Atomtest- und -bombenopfer fordern atomwaffenfreie Welt

Von Neena Bhandari

Sydney (IDN) – Sue Coleman-Haseldine vom Volk der Kokatha-Mul war drei Jahre alt, als die Briten Atomwaffentests auf den Monte-Bello-Inseln vor der Westküste Australiens und auf dem Emu-Feld im Süden durchführten.

Von 1952 und 1963 kam es in den Gebieten zu insgesamt zwölf solcher Versuche. Riesige Areale einschließlich Koonibba, die Heimat von Sues Familie, wurden verstrahlt. "Denn zum Zeitpunkt der Tests befanden sich Aborigines in den betroffenen Regionen. Viele Menschen starben oder wurden krank", berichtet Haseldine.

'Totem 1' war der Name der ersten Atombombe. Kokatha-Mul berichteten später von einer "schwarzen Staubwolke', die die Menschen krank gemacht und dahingerafft habe. Von den Dorfältesten weiß Haseldine, dass die Menschen vor den Tests ein glückliches und gesundes Leben im Einklang mit der Natur gelebt hatten.

"Wenn meine Leute auf die Nullarbor-Stürme zu sprechen kamen, meinten sie damit den radioaktiven Niederschlag, den die Maralinga-Tests verursacht hatten. Wir befanden uns zwar nicht unmittelbar an Ground Zero, doch wurden die radioaktiven Staubwolken vom Wind zu uns getragen. Die Menschen starben an Krebs, einer uns bis dahin unbekannten Krankheit", so Haseldine auf einem Treffen der indigenen Anti-Atomwaffenvereinigung 'Australian Nuclear Free Alliance' (ANFA) auf dem Land der Arrernte-Aborigines in Australiens Northern Territory.

ANFA war 1997 ursprünglich als Anti-Uran-Allianz von Aborigines gegründet worden. Dem Bündnis schlossen sich recht schnell verschiedene Nichtregierungsorganisationen (NGOs) an.

Zerstörung indigener Kultur

Für die Aborigines Australiens bedeutet Land Kultur. Haseldine war schockiert, als sie auf dem Treffen erfuhr, dass auch die Wälder der Ureinwohner nuklear verseucht sind. "Sie sind für uns Lebensmittelladen und Apotheke zugleich. Sie zu hegen und zu pflegen, ist Teil unserer Religion."

Nach dem Nukleartest nahmen Unfruchtbarkeit, Totgeburten und Geburtsfehler zu. Haseldine fragt sich bis heute, ob die Gesundheitsprobleme ihrer Leute auf die fortgesetzte Kontamination durch den Uranabbau oder auf die genetischen Veränderungen zurückzuführen sind, die durch die Atomtests im letzten Jahrhundert verursacht wurden. Sie setzt sich dafür ein, dass Atomwaffen verboten werden und dass das Uran im Boden verbleibt.
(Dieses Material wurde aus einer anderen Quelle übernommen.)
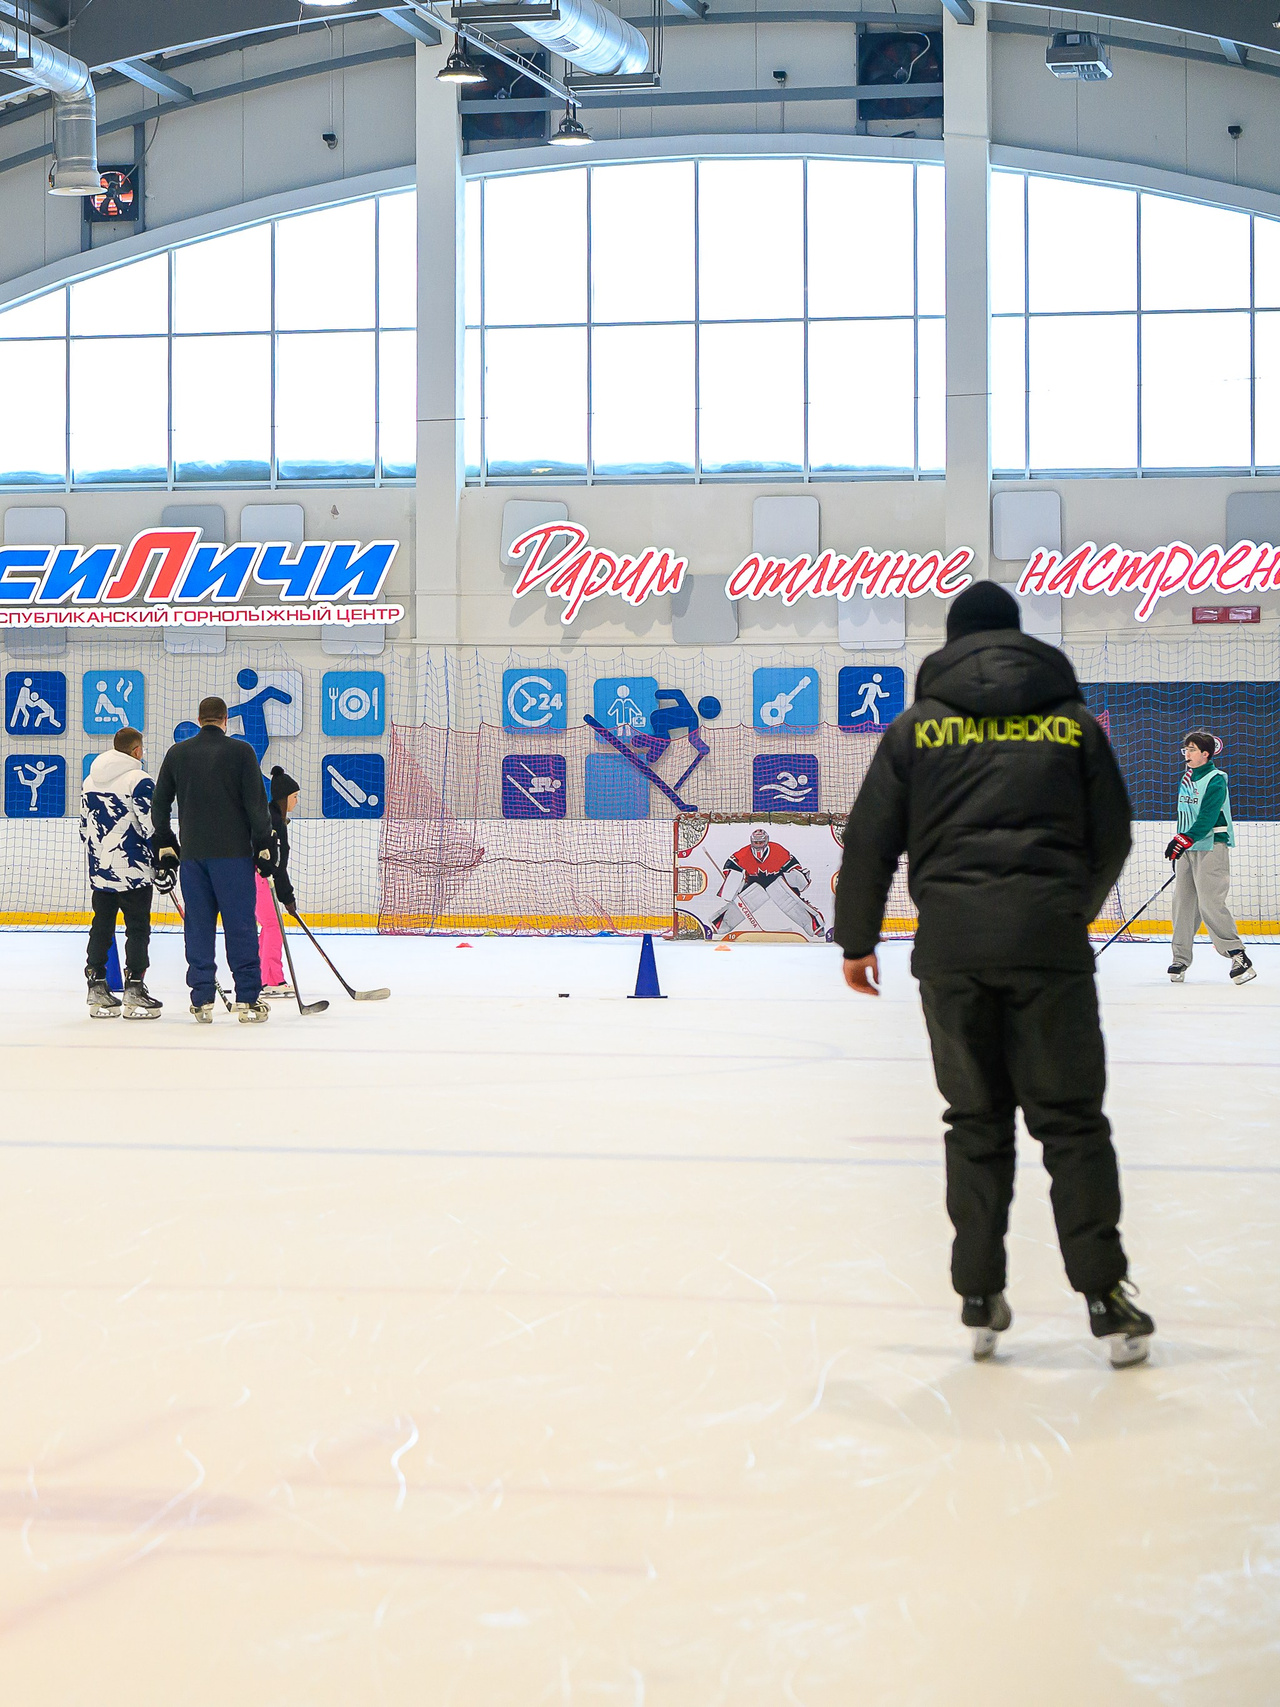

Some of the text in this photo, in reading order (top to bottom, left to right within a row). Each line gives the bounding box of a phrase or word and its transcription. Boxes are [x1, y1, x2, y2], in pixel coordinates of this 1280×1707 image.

[511, 525, 1280, 621] Дарим отличное настроен
[173, 606, 331, 622] ГОРНОЛЫЖНЫЙ
[336, 608, 401, 623] ЦЕНТР
[537, 693, 563, 711] 24
[914, 714, 1083, 748] КУПАЛОВСКОЕ
[741, 907, 758, 929] CANADA
Im letzten Jahr hatten sich Vertreter von Regierungen, UN-Agenturen und der Zivilgesellschaft in der norwegischen Hauptstadt Oslo zur ersten Konferenz über die humanitären Folgen von Atomwaffen getroffen. Im Februar 2014 lud die mexikanische Regierung zum zweiten Treffen dieser Art ein, auf dem 146 Staaten vertreten waren. Und im Oktober unterstützten auf der UN-Vollversammlung 155 der 193 UN-Mitgliedstaaten das Allgemeine Statement über die humanitären Folgen von Atomwaffen. Die dritte Konferenz über die humanitären Folgen von Atomwaffen fand vom 8. bis 9. Dezember in Wien statt, an der auch Haseldine teilnahm und das Leid schilderte, dass in ihrer Region durch die Atomtests und den Uranabbau angerichtet wurde.

Beobachtern zufolge nimmt der Druck auf die Staatengemeinschaft, Verhandlungen über ein verbindliches Abkommen zur Ächtung von Atomwaffen zu führen, zu. Obwohl die USA und Russland seit Ende des Kalten Krieges einen Teil ihrer Kernwaffen vernichtet haben, befinden sich in den Waffenarsenalen der Welt noch immer rund 17.000 atomare Sprengköpfe.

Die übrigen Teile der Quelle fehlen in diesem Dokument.